[[ RECORD SET, beginning ]]
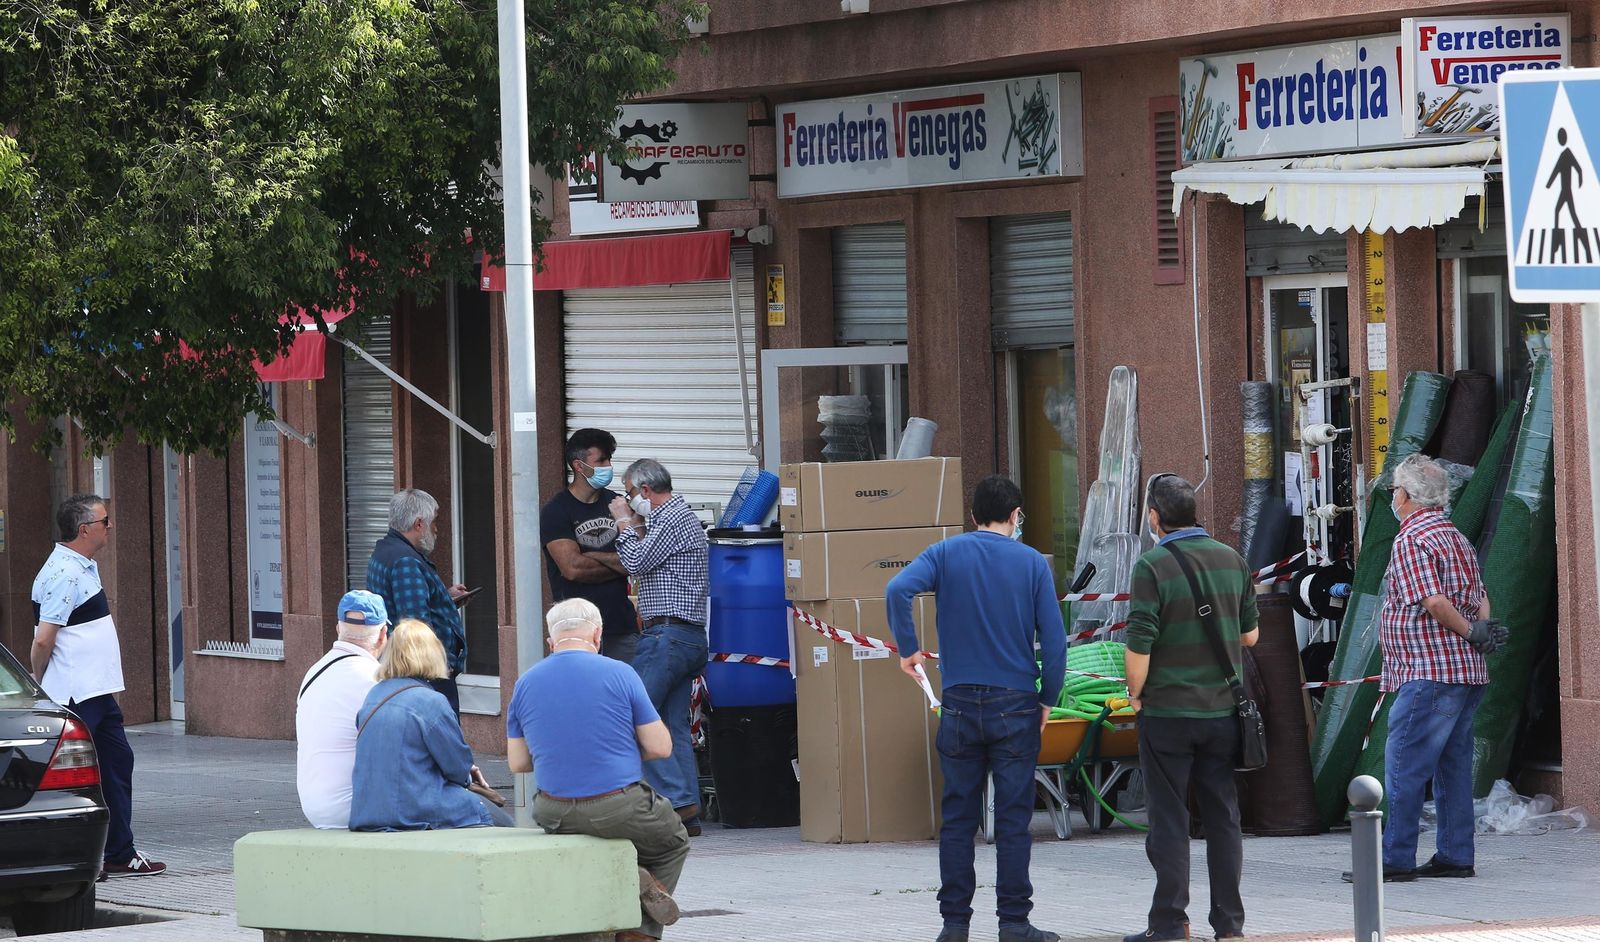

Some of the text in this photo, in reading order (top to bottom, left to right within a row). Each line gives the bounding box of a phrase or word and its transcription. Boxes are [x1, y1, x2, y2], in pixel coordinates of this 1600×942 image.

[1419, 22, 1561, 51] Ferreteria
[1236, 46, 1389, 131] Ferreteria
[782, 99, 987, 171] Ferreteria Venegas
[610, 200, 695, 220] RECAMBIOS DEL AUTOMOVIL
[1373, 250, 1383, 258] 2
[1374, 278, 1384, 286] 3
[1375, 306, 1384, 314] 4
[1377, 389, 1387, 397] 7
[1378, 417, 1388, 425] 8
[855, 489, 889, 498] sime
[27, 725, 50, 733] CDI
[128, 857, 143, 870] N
[[ RECORD SET, end ]]
An exact retyping of the entries, without images, is the required answer.

RESULT BELOW:
Some of the text in this photo, in reading order (top to bottom, left to right within a row). Each line gives the bounding box of a phrase or word and its transcription. Boxes are [x1, y1, x2, y2], in pixel coordinates of this 1600×942 image.

[1419, 22, 1561, 51] Ferreteria
[1236, 46, 1389, 131] Ferreteria
[782, 99, 987, 171] Ferreteria Venegas
[610, 200, 695, 220] RECAMBIOS DEL AUTOMOVIL
[1373, 250, 1383, 258] 2
[1374, 278, 1384, 286] 3
[1375, 306, 1384, 314] 4
[1377, 389, 1387, 397] 7
[1378, 417, 1388, 425] 8
[855, 489, 889, 498] sime
[27, 725, 50, 733] CDI
[128, 857, 143, 870] N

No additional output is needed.